The PREP Act and the “Legal Shield” Narrative
Another element circulating in the thread ties McAfee’s tweet to the U.S. PREP Act, claiming the government quietly activated liability protections for vaccine manufacturers before deaths occurred in the United States.
The PREP Act does provide liability protection for manufacturers of pandemic countermeasures during declared emergencies. That is a matter of public record. It was invoked for COVID-19 countermeasures early in 2020.
But that legal mechanism has existed since 2005. It has been used in previous health emergencies. Its activation does not prove malicious intent; it is designed to allow rapid deployment of vaccines and therapeutics during crises.
The presence of liability protection is often framed online as proof of wrongdoing. In reality, it is part of established emergency preparedness law.
Interpretation matters.
What the Data Actually Shows
The attachments include multiple public datasets — including U.S., U.K., France, and Canada comparisons of death and hospitalization rates by vaccination status.

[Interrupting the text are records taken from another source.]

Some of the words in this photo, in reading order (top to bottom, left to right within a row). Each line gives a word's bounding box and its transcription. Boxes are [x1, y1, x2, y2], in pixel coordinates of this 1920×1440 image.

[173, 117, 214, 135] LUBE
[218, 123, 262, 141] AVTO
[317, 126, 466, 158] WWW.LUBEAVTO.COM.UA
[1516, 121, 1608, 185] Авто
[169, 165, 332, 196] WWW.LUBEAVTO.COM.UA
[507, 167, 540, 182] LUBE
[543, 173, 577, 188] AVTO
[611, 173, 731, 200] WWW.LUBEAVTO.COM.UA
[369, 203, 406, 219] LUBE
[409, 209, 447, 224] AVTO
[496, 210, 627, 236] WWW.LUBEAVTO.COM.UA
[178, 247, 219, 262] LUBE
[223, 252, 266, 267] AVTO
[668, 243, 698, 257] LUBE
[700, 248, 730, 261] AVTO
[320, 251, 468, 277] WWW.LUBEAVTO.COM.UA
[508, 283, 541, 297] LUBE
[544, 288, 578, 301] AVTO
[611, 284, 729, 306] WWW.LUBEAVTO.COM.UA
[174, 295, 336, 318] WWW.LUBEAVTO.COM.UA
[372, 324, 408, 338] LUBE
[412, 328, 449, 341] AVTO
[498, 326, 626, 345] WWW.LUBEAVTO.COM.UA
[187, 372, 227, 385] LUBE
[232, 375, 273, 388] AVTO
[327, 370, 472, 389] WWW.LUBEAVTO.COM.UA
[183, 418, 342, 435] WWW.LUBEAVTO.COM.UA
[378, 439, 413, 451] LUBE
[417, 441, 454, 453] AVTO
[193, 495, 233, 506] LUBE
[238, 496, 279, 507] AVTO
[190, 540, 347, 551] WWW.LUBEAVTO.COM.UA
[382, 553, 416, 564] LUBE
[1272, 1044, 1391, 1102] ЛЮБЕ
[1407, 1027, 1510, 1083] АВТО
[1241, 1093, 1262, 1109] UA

Across these independent national databases, the pattern is consistent during peak waves:
• Higher hospitalization rates among unvaccinated populations
• Higher ICU admissions among unvaccinated groups
• Higher mortality rates per 100,000 among unvaccinated groups
For example, U.K. Health Security Agency data during late 2021 waves showed significantly elevated death rates in older unvaccinated cohorts compared to double-vaccinated groups. U.S. CDC-linked mortality charts during the Delta and Omicron waves showed a similar divergence.
Are vaccines risk-free? No medical intervention is. Rare adverse effects, including clotting disorders, myocarditis, and allergic reactions, were documented. Large-scale reviews, including analyses published in The Lancet, estimate serious clotting risks in the range of approximately 1–2 cases per million doses for certain vaccine types.
Risk exists. But risk magnitude matters.
Population-level analysis consistently demonstrated that the risk of severe COVID-19 complications significantly exceeded the risk of serious vaccine adverse events during peak transmission periods.
That does not invalidate individual experiences. It contextualizes them.